I think of these three young, amazing athletes who we have lost over the past few weeks, and how the NCAA is having to really look at mental health and the student athlete experience and I am over here yelling IT STARTS WAY BEFORE THAT!!!!  We need to be making sure that K12 learning MUST include socio-emotional health being a priority as well.  Most schools do not have enough counselors, social working or foks able to truly keep a finger on the pulse of student mental health and ensure that resources are connected with those that need.  WHat we do know is that most folks who need an ear to listen are not talking.  Schools must do better by educating on mental health and normalizing resources and seeking out help. 

We then need to talk about attitude. Yes. Attitude. If I hear one more so called adult  say ‘what the hell does this generation have to be so anxious, depressed or suicidal about’ I’m probably going to prison….. My answer is *motions at virtually everything*.  Ummm…this has been a hell of a couple of years…decades..yeah…wanna argue about that?  Seriously, there is so much going on in our city, county, state, region, country, world – and we are constantly bombarded with media feeding our eyes, ears and brains, many of us are often spinning but have just gotten used to the ride.  Research has shown that brain chemistry is real with regards to mental health – it has shown generational trauma effects your DNA – medicine is a science and an art with regards to treatment and no two bodies are the same.  

So even when you are doing everything right, seeking out therapy, taking your meds – you can still be spinning and struggling…. 

Can you imagine the pain? The frustration? The angst? The self-blame? Wondering what is wrong with me? Why can’t I just be like everyone else? Feeling hopeless…like nothing is working…wondering if your family and friends will be upset that you’re still struggling? Will they think you are a failure? Will they be mad?

And as I sit here and type this blog, I know the answer is NO….you are loved…it’s okay….don’t think like that….it will be okay. You are loved and valued….

But I can also recall the night my panic attack sent me to the hospital….well, I remember most of it. And I am tearing up because I can remember the next day being so upset, not wanting folks to be mad, being upset that I scared folks, trying to figure out what I did wrong. Wondering why I couldn’t just be like everyone else. I mean, I mean, I took my meds, and look what happened – I am still  broken. 

But you know what?

We are all broken….in some way shape or form, And it is okay. Asking for help is okay. Embracing your broken pieces and finding healthy, positive things to help mend each crack is okay. Seeking out therapy is okay. Taking meds is okay. Practicing holistic medicine is okay.
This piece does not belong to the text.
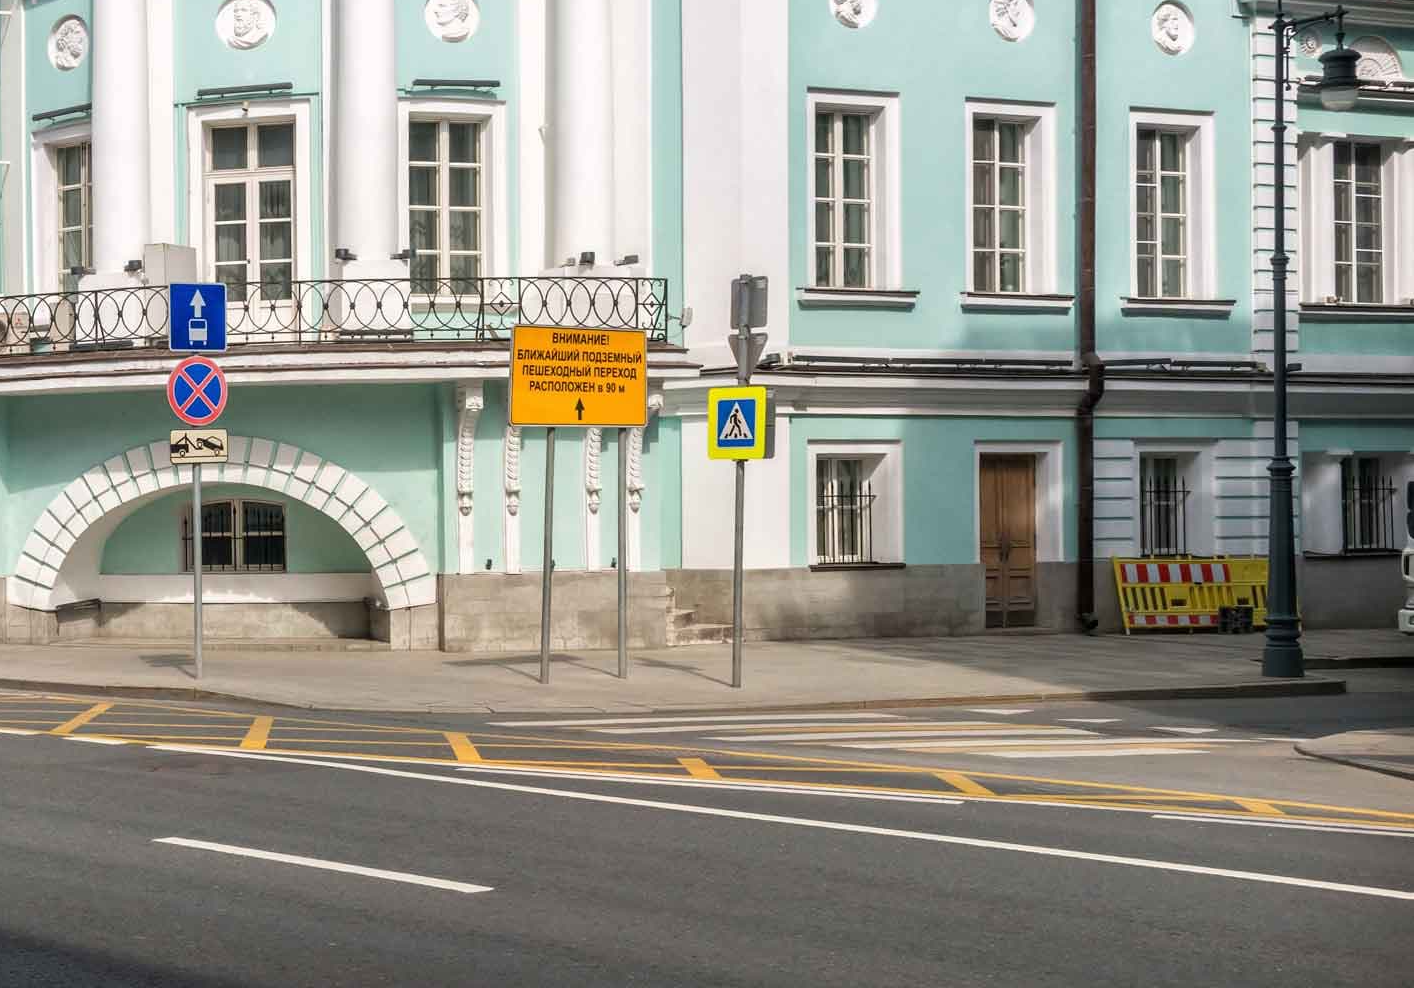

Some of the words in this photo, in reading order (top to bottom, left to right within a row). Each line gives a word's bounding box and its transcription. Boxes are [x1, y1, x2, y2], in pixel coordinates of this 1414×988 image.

Spending some time in a residential program is okay. Having a life coach is okay. Not getting an A is okay. Not finishing first is okay. Leaving a team is okay. Changing a major is okay. Leaving college is okay. Working after high school is okay. A gap year is okay. Skipping a family vacation is okay. Spending a holiday alone is okay.. Demanding better healthcare is okay. Seeking more accessible resources is okay. Talking about mental health is okay. Talking about suicidal ideation is okay.. YOU ARE GOING TO BE OKAY.
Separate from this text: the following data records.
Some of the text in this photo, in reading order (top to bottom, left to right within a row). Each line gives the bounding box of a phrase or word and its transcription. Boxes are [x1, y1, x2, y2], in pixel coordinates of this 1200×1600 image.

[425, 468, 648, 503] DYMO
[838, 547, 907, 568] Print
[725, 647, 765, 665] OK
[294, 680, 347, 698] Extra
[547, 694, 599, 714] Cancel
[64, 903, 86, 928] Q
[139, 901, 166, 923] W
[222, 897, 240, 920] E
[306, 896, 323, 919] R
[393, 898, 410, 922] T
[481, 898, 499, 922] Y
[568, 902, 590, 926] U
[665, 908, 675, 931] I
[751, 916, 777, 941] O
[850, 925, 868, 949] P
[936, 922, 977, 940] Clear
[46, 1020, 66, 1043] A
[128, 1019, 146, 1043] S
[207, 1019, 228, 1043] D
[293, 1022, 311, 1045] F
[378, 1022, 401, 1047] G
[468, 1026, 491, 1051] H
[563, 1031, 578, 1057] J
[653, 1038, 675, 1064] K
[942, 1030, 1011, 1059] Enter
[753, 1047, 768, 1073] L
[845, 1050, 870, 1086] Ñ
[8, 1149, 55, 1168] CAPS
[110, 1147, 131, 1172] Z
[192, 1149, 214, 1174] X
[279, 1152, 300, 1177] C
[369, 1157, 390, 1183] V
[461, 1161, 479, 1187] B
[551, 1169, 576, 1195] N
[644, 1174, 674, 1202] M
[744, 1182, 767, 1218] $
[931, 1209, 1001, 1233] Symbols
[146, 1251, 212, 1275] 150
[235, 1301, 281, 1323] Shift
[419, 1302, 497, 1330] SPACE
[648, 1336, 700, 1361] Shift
Talking about suicide does not cause suicide.

But not talking about suicide does.

If you or someone you know needs help, call the National Suicide Prevention Lifeline at 800-273-TALK (8255). You can also text a crisis counselor at 741741. If you are LGBTQ and would like to talk to someone openly affirming, you can call The Trevor Project at 1-866-488-7386 or text 678678 to speak with a counselor. You are never alone.